疼痛部位在2个以上时,应该首先治疗疼痛剧烈的部位;双侧性疼痛先治疗疼痛较重的一侧,1~2日后再进行对侧治疗。当主要疼痛解决后,原来的次要疼痛就会显露出来,变成新的主要疼痛,仍可继续行神经介入治疗。介入方法可选择物理或化学的方法进行。强调严格的无菌操作,尽量不用术前用药。
1、蛛网膜下腔脊神经后根破坏术
选择性地破坏癌肿侵犯的脊神经后根,是较为简单而效果确切的镇痛方法。
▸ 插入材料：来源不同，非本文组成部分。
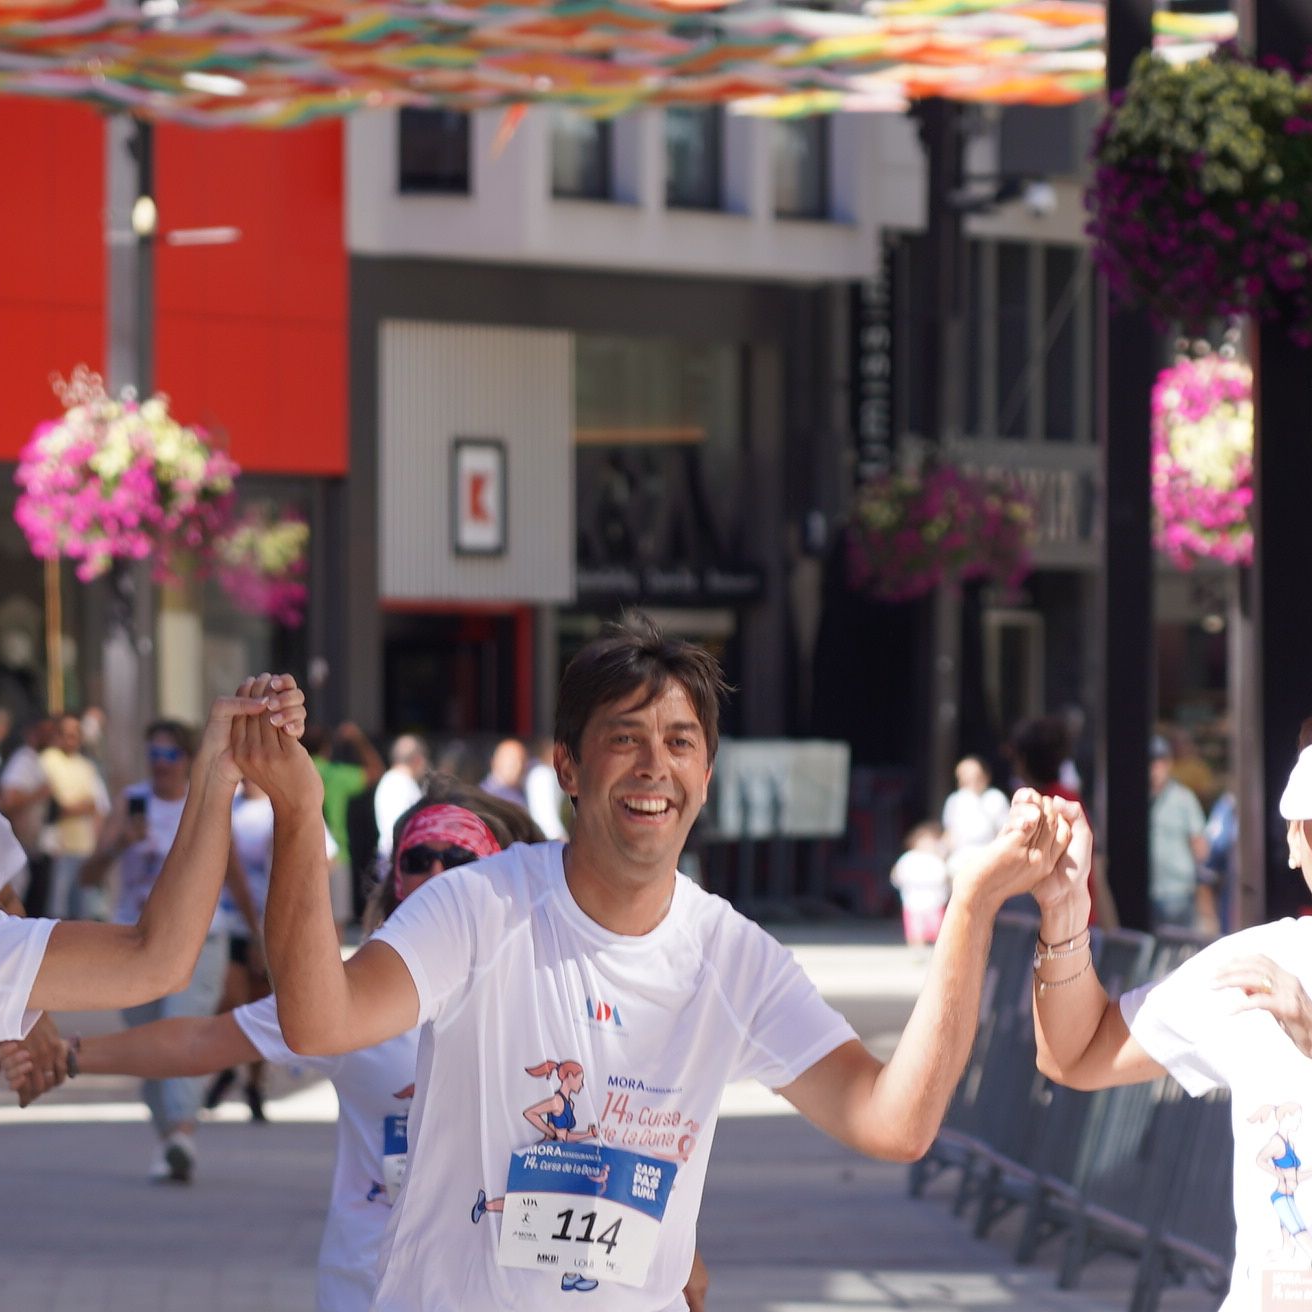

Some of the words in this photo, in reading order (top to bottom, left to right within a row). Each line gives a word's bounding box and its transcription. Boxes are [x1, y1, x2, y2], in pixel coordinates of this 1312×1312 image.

常用药物有酚甘油、无水乙醇等,两者具有基本同样的镇痛效果,选择何者应根据术者的经验及习惯决定。一般来讲,初学者使用酚甘油较方便。依疼痛部位对脊神经节段进行准确定位及术中患者保持正确的体位是成功的关键。
镇痛时间及副作用的出现与毁损的神经纤维量密切相关,选择部位正确,神经破坏药量及浓度适宜的话,一般不残留永久的运动及感觉功能障碍。经过一段时间,随着受损神经的再生,疼痛有时会复发,一般可再行神经阻滞治疗。若初次阻滞后镇痛效果仅维持2~3日,可行第二次阻滞治疗。无论镇痛效果如何,一般神经毁损治疗不超过2次。
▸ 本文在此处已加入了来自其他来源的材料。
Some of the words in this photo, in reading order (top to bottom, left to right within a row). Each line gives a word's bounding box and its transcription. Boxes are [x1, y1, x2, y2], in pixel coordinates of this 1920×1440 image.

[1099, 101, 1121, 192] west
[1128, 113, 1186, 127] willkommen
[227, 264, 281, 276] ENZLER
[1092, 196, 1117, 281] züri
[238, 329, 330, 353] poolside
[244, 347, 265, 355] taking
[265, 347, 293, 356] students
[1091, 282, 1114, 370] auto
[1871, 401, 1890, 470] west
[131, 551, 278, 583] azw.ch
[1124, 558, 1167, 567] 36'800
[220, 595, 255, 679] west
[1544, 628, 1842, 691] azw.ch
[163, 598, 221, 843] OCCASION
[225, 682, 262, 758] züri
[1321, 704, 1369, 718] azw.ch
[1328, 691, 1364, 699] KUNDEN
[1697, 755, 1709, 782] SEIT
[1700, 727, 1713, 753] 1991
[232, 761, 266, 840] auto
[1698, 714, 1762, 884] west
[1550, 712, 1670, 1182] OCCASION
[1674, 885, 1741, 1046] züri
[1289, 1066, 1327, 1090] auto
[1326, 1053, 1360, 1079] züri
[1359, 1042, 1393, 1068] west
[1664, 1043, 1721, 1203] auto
效果不理想时,在排外阻滞技术本身因素外应考虑如下可能:
(1)癌侵润或局部炎性变化妨碍药物到达目的神经根;
(2)交感神经性疼痛,特别是需进行双侧腹腔神经丛阻滞的腹部内脏痛;
(3)脊柱或其他部位病理性骨折等引起的放散痛;
(4)其他,本疗法约有10~20%的患者镇痛不全。常见的合并症有运动、感觉、膀胱直肠括约肌等功能障碍,多为一过性。应用得当较少出现严重的并发症。体位,酚甘油阻滞患侧半侧卧位,无水乙醇健侧半侧卧位。腰骶部阻滞为避免膀胱直肠功能障碍,可采用45°半坐位并向患侧倾斜。酚甘油注入蛛网膜下腔时,患者可感到相应神经根支配范围内温暖感或蚁走感。
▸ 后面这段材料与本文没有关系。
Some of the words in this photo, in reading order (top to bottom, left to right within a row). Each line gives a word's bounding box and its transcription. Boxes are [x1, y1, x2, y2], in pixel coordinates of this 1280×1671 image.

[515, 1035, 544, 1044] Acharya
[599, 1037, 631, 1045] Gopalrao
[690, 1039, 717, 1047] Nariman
注入最初的0.2ml时,上述感觉偏离疼痛部位一个脊髓节段以上,则应重新穿刺或调整手术台的倾斜角度。无水乙醇到达相应神经根时,患者有一过性剧痛或烧灼样感觉。上述这些感觉应在术前向患者充分说明。颈部及上胸椎水平的蛛网膜下腔阻滞术,无水乙醇较酚甘油更为有效。特别对胸壁的疼痛最为有效,肿瘤一旦侵犯胸膜及肺则除痛效果往往不理想。药量 5~7%酚甘油颈胸部0.5~1ml,腰骶部0.5ml。无水乙醇2ml。
2、硬膜外神经破坏术
硬膜外镇痛效果一般不如蛛网膜下腔,表现为镇痛期短、镇痛程度差,并没有明显的单侧性。操作技术基本同硬膜外麻醉。常用7~10%酚水溶液,颈部1.5ml,胸部2ml。头高位体位下行骶管阻滞可选择性破坏骶4、5神经,能有效控制会阴部疼痛并可避免膀胱直肠功能障碍。T12-L1水平注入5%酚水溶液5ml行硬膜外神经破坏术,可有效治疗直肠癌引起的烧灼样痛及里急后重感。
3、椎间孔神经根介入技术
可采用物理或化学的方法,进行责任神经毁损。对癌肿压迫、浸润、破坏等导致的单根或几根神经支配区域的疼痛有显著效果。
4、末梢神经介入技术
对疼痛部位的末梢神经进行介入治疗,尽管不能带来长期的除痛效果,但对局限性疼痛有效。如肋间神经、三叉神经末稍支、枕神经等。也可在表浅而局限的骨转移痛处注射局麻药及激素制剂,常可获得较好效果。
(二)颅神经介入治疗技术
颅神经介入治疗效果常较脊神经差。原因有:(1)神经分布复杂,1~2根神经阻滞,效果不完全。(2)肿瘤的增大、侵润,会给原本就地域狭小的头面部神经阻滞操作带来更大的困难。(3)由于颅神经分布及功能的特殊性,常会限制毁损性治疗。常用的介入方法有:三叉神经阻滞、舌咽神经阻滞、迷走神经阻滞、喉上神经阻滞等,物理或化学方法均可。
(三)交感神经介入治疗技术
疼痛的部分或全部可由交感神经传导。正确把握疼痛的性质、范围,明确是否交感神经性疼痛,是交感神经阻滞成功的关键。
癌痛临床上常见的交感神经性疼痛有如下几个类型:
(1)乳癌根治术后弥漫性手术瘢痕部、同侧上肢、腋窝、肩等部位的灼性神经痛,上胸部肿瘤侵及臂丛神经或大血管引起的上肢肿胀、青紫、灼痛等,颈交感神经介入治疗有效。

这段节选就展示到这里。